- Working with Cross sampling analysis
The Cross sampling analysis is a tool for extracting particular values or metrics and comparing them across series. Use this analysis when you want to create a chart with categories, such as countries, along the x-axis, and columns of values on the y-axis. The Cross sampling analysis is a successor to the Scalar analysis with a new workflow that is especially tailored for lists.
The lists are pre-prepared data sets on which you can easily operate in Cross sampling (and in other analyses). To change data, you just go back to Series list and replace or add a series without rebuilding whole analysis. Since version 1.25 you can also create and share lists through My list feature.
The Cross sampling analysis can perform a variety of calculations that result in one value per input series, such as the last value, the mean in a time range, or year to date performance. The output is always a category series, meaning that the time variable is replaced by a categorical variable. You can display this output in a Category chart, Bar chart, or Category scatter chart.

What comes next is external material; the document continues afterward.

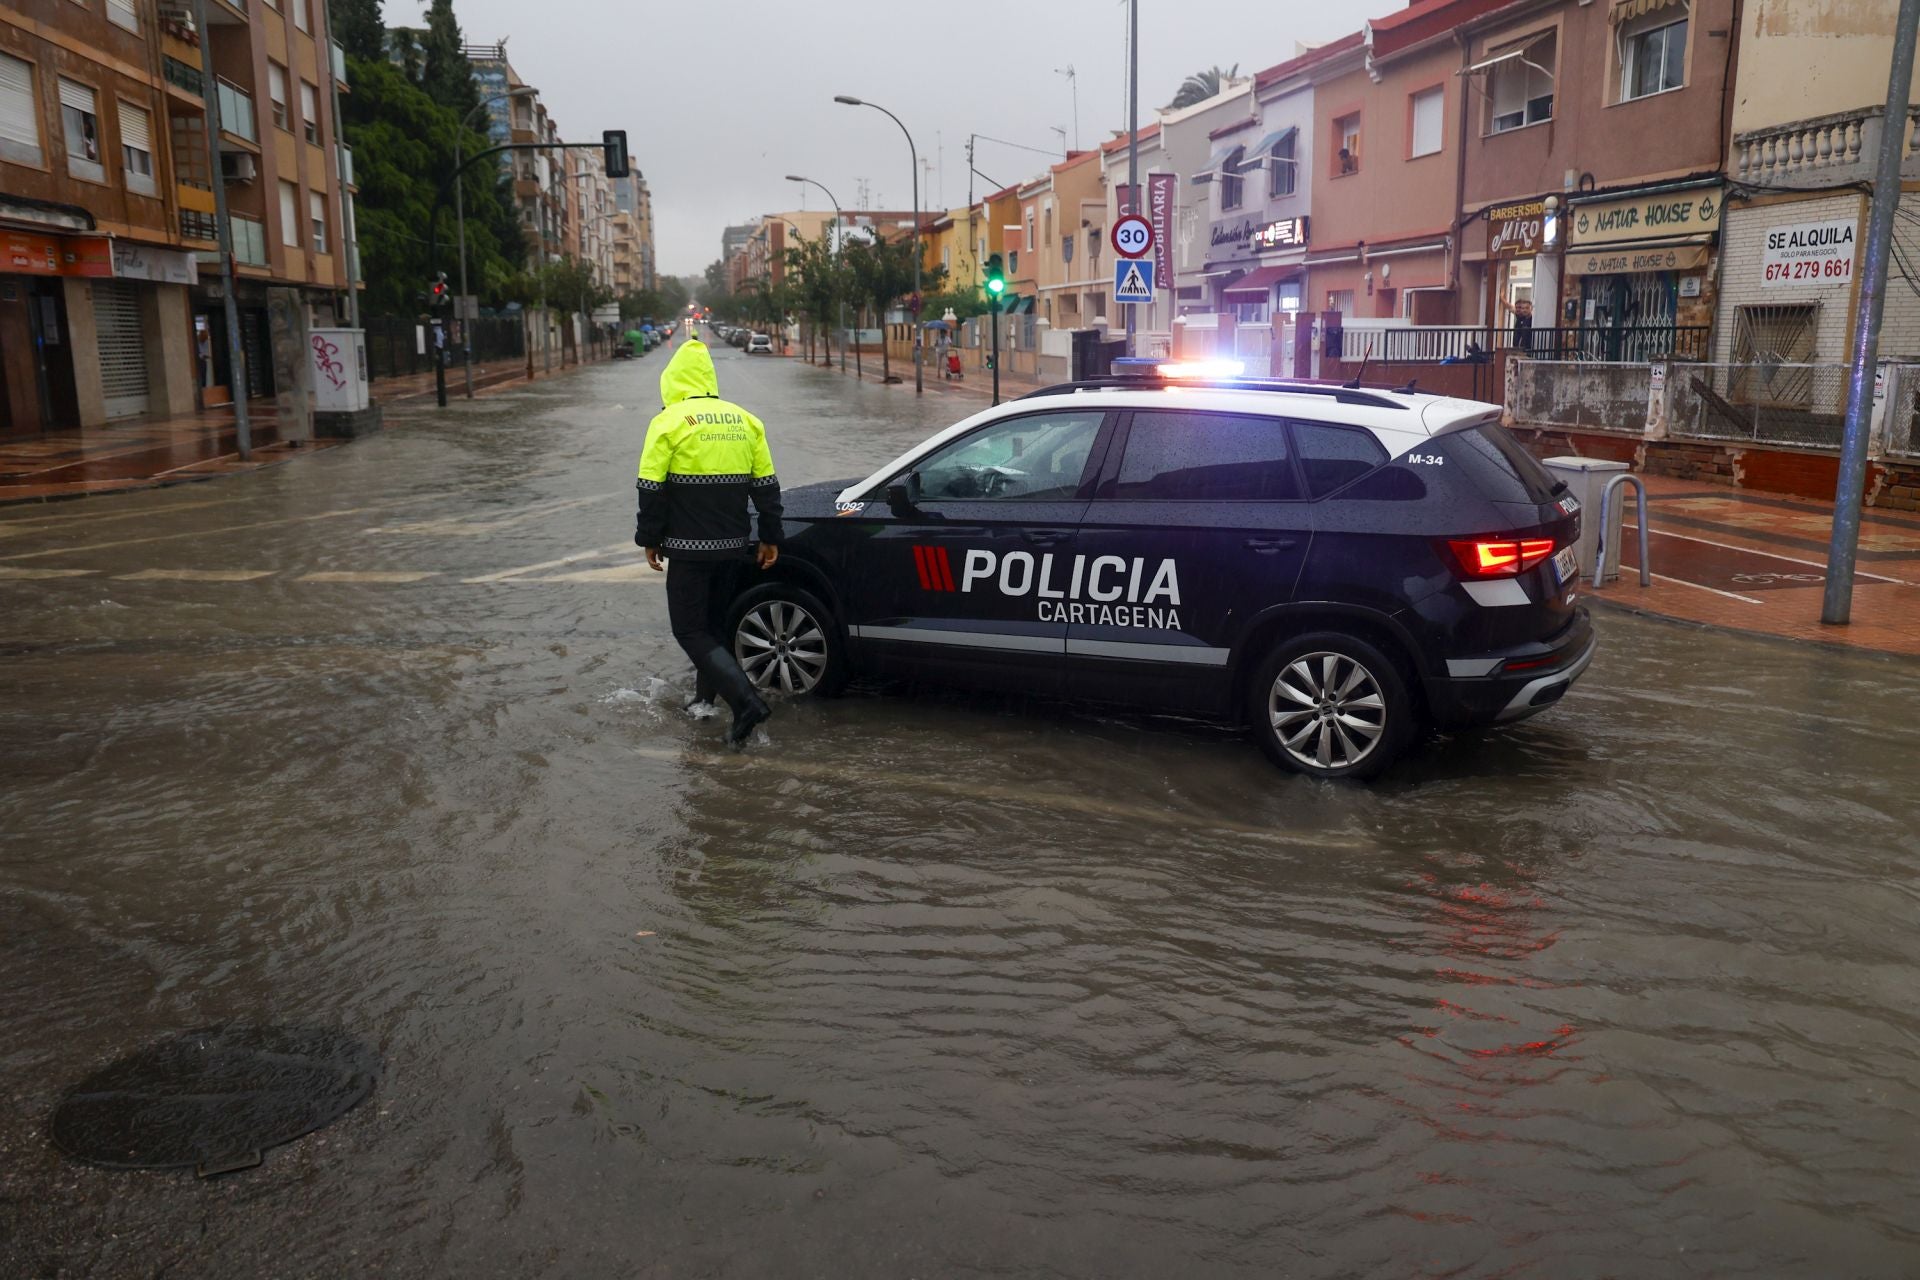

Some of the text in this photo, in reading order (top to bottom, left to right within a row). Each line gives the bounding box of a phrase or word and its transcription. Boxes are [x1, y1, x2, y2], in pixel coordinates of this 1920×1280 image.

All input data in this analysis go in Lists - data sets defined under Series list's tab. For more information see: Lists of series. Since version 1.25 you can create and share lists with your colleagues through My list feature.
The settings consist of four parts. In the screenshot below, there are two lists and two series that are not part of any list to the left. On the right-hand side, the two lists have been added and can be seen as two columns.
- Select what calculations to apply to each series. Details about the calculations can be found below.
- Select how the output should be generated.
- This is the list of all input series and lists.
- Here you organize the series that should be used for the output.
Here, you can add one or more calculations that will be performed on all selected input series. The available calculations are:
Open, High, Low, Close
The first, highest, lowest, or last value of the specified range.
Mean, Median, Standard deviation
The mean, median or standard deviation of the range.
The last valid value of each series.
The value at the last point in time at which all the included series have values.
The last value that is not a forecast in the series.
The value at a specific point in time. If a series is missing a value for that date, the first available value before that date will be used.
Nth last value
The nth last value of a series, where a value of 1 gives the last value, 2 gives the second value to last, 3 gives the third value to last etc.
The specified percentile of the selected range.
Lower, Upper tail mean
The mean of the values in the upper or lower percentile of the range.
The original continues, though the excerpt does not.